In the Sanctus of Holy Mass and, in the great Te Deum, we echo the myriads of angels bowed low in the liturgy of heaven before God’s throne: “Holy, Holy, Holy LORD GOD SABAOTH …. God of “heavenly hosts”.
With small differences our Collect for the upcoming 22nd Ordinary Sunday (Novus Ordo) is based on a prayer in the 8th century Gelasian Sacramentary and, subsequently, one in the 1962 Roman Missal for the Sixth Sunday after Pentecost.
Deus virtutum, cuius est totum quod est optimum, insere pectoribus nostris tui nominis amorem, et praesta, ut in nobis, religionis augmento, quae sunt bona nutrias, ac, vigilanti studio, quae nutrita custodias.
Insero means “to sow, plant in, engraft, implant.” I like “graft”. Optimum is “best”, but seeing that we are applying “best” to God, we can get away with “perfect”.

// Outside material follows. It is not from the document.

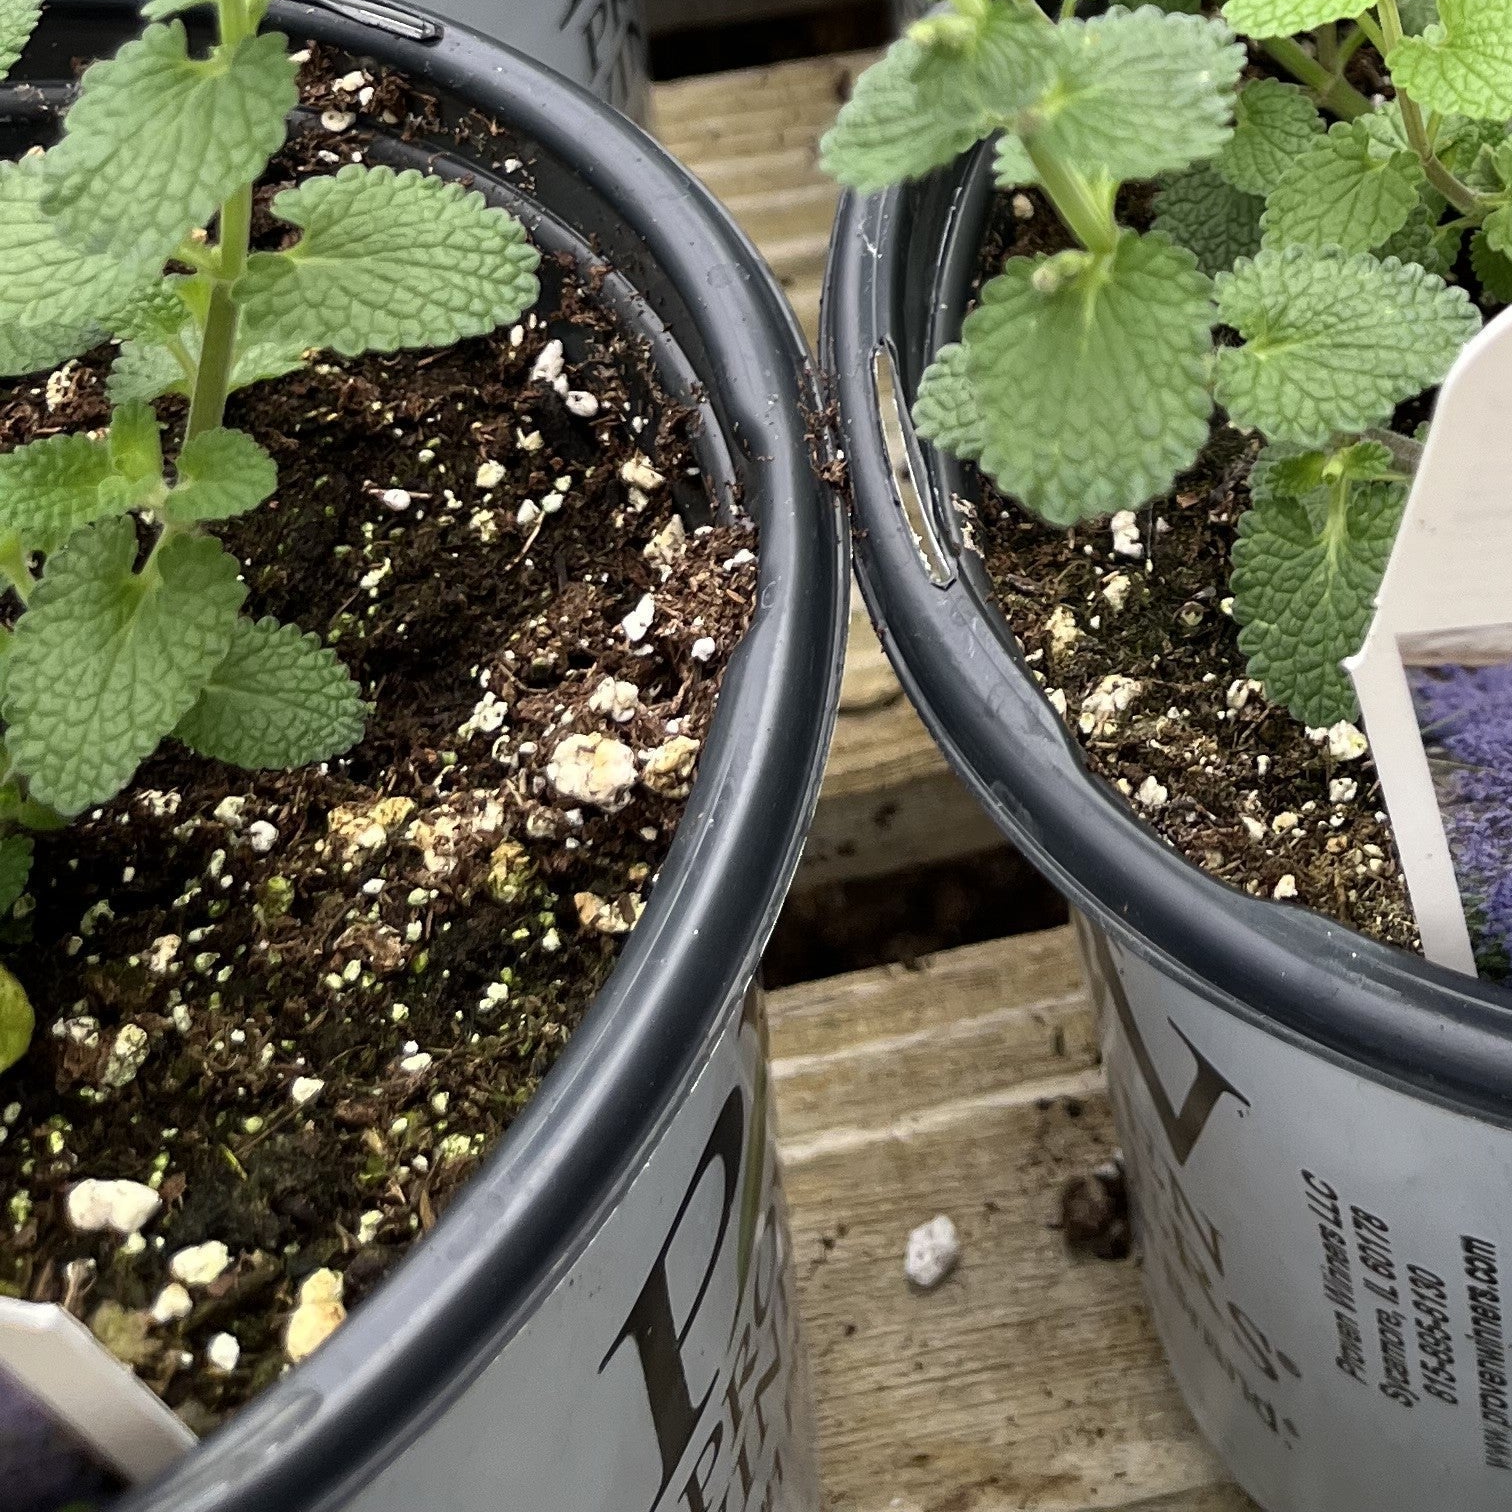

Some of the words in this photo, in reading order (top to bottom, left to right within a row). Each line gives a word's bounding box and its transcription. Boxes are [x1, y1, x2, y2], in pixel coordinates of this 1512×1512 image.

Our Collect summons images of, on the one hand, armies and, on the other, an orchard and vine tending. Many of our ancient prayers have vocabulary which invokes military, agricultural, and forensic/juridical images. Today, on the one hand, the God of hosts guards the good things we have. On the other, this same mighty God is grafting love into us and then nourishing it so it can grow.
OBSOLETE ICEL (1973):
Almighty God, every good thing comes from you. Fill our hearts with love for you, increase our faith, and by your constant care protect the good you have given us.
The norms underlying the current ICEL English translation stated that “deficiency in translating the varying forms of addressing God, such as Domine, Deus, Omnipotens aeterne Deus, Pater, and so forth, as well as the various words expressing supplication, may render the translation monotonous and obscure the rich and beautiful way in which the relationship between the faithful and God is expressed in the Latin text” (Liturgiam authenticam 51).
Today the priest invokes God as Deus virtutum, an expression in St Jerome’s Latin Vulgate Psalter (Ps 58:6; 79:5 ff; 83:9; 88;9) often translated as “God of hosts.” Don’t confuse “host”, which is “army, multitude”, with the wheat wafer used at Mass. Virtutum is genitive plural of virtus, “manliness, strength, courage, aptness, capacity, power” etc.
St Jerome chose virtutum to render the Hebrew tsaba’, “that which goes forth, an army, war, a host.” Tsaba’ describes variously hosts of soldiers, of celestial bodies, and of angels.
O mighty God of hosts, of whom is the entirety of what is perfect, graft into our hearts the love of Your Name, and grant, that by means of an increase of the virtue of religion, You may nourish in us the things which are good, and, by means of vigilant zeal, guard the things which have been nourished.
CURRENT ICEL (2011):
God of might, giver of every good gift, put into our hearts the love of your name, so that, by deepening our sense of reverence, you may nurture in us what is good and, by your watchful care, keep safe what you have nurtured.
Today we pray to God for an increase in “religion.” I’ll take this to be the virtue of religion. Last week I wrote about the difference between “values” and “virtues”. Let’s make more distinctions.
The Catechism of the Catholic Church defines “religion” as a set of beliefs and practices followed by those committed to the service and worship of God.
The First Commandment requires us to believe in God, to worship and serve him, as the first duty of the virtue of religion (cf also CCC 2084, 2135). St. Thomas Aquinas (d 1274) says that religion is the virtue by which men exhibit due worship and reverence to God as the creator and supreme ruler of all things (STh II-II, 81, 1).
We must acknowledge dependence on God by rendering Him a due and fitting worship both interiorly (eg, by acts of devotion, reverence, thanksgiving, etc.) and exteriorly (eg, external reverence, liturgical acts, etc.).
The virtue of religion can be sinned against by idolatry, superstitions, sacrilege, and blasphemy.
We creatures must recognize who God is and act accordingly both inwardly and outwardly. When this at last becomes habitual for us, then we have the virtue of religion. A virtue is a habit. One good act does not make us virtuous. If being prudent or temperate or just, etc., is hard for us, then we don’t yet have the virtues.
Our petition for religion follows immediately from our desire that God “graft” (insere) love of His Holy Name into our hearts. We move from the title of God the angels and saints never tire of repeating in their everlasting liturgy in heaven: HOLY. Then we beg for all good things to be nourished in us by God as He increases in us the virtue of religion. This leads to the proper interior and exterior actions that necessarily flow from recognizing who God truly is and who we are.